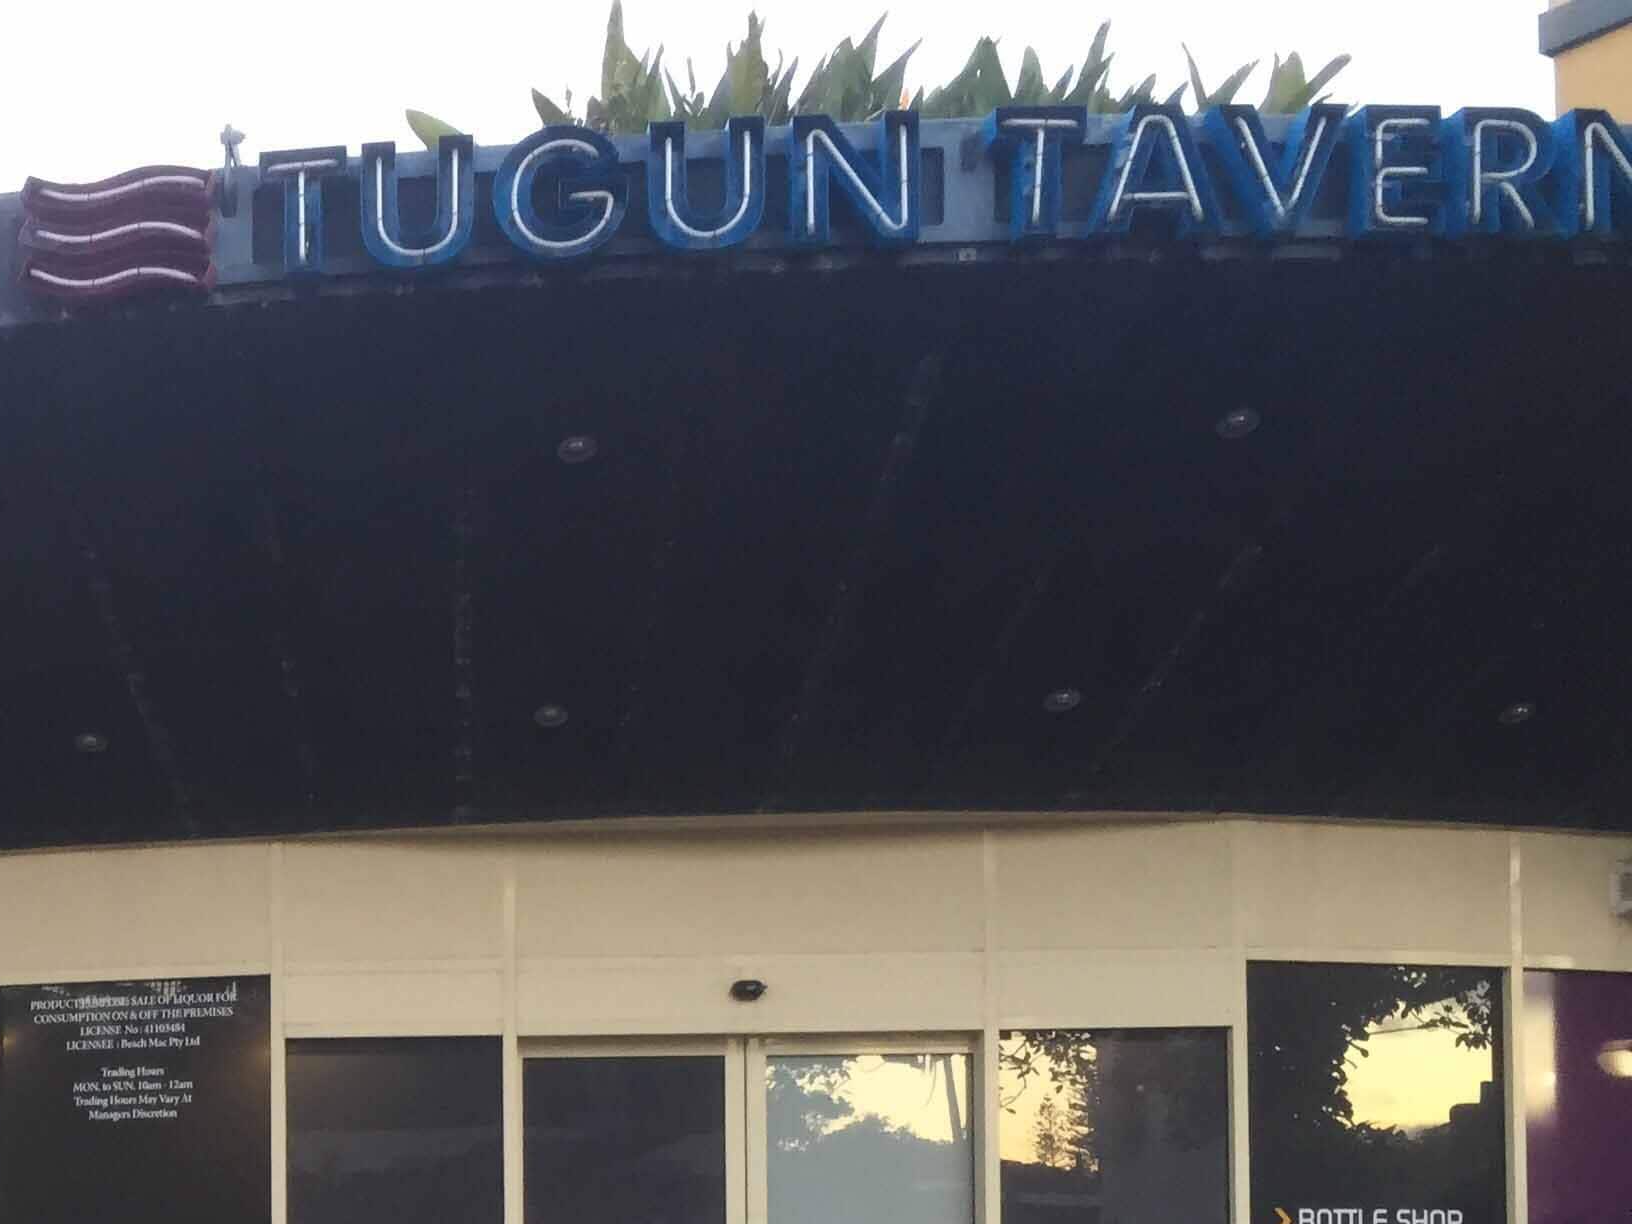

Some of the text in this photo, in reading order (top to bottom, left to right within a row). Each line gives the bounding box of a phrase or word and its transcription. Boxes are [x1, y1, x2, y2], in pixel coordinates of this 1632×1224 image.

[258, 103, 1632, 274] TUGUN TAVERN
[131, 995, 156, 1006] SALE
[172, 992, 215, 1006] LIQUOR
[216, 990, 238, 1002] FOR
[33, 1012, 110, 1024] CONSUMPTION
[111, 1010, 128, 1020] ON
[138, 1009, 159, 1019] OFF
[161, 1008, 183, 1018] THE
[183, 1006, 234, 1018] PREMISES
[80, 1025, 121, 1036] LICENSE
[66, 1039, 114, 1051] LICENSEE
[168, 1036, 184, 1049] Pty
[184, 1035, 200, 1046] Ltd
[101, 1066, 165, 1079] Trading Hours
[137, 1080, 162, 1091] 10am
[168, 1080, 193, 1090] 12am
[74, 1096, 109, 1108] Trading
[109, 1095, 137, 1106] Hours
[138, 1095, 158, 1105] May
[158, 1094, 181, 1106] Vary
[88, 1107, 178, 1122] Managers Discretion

:::::

Aim of the exercise:
Please write the data out again exactly, but do not carry over the pictures.

Answer space:
Some of the text in this photo, in reading order (top to bottom, left to right within a row). Each line gives the bounding box of a phrase or word and its transcription. Boxes are [x1, y1, x2, y2], in pixel coordinates of this 1632×1224 image.

[258, 103, 1632, 274] TUGUN TAVERN
[131, 995, 156, 1006] SALE
[172, 992, 215, 1006] LIQUOR
[216, 990, 238, 1002] FOR
[33, 1012, 110, 1024] CONSUMPTION
[111, 1010, 128, 1020] ON
[138, 1009, 159, 1019] OFF
[161, 1008, 183, 1018] THE
[183, 1006, 234, 1018] PREMISES
[80, 1025, 121, 1036] LICENSE
[66, 1039, 114, 1051] LICENSEE
[168, 1036, 184, 1049] Pty
[184, 1035, 200, 1046] Ltd
[101, 1066, 165, 1079] Trading Hours
[137, 1080, 162, 1091] 10am
[168, 1080, 193, 1090] 12am
[74, 1096, 109, 1108] Trading
[109, 1095, 137, 1106] Hours
[138, 1095, 158, 1105] May
[158, 1094, 181, 1106] Vary
[88, 1107, 178, 1122] Managers Discretion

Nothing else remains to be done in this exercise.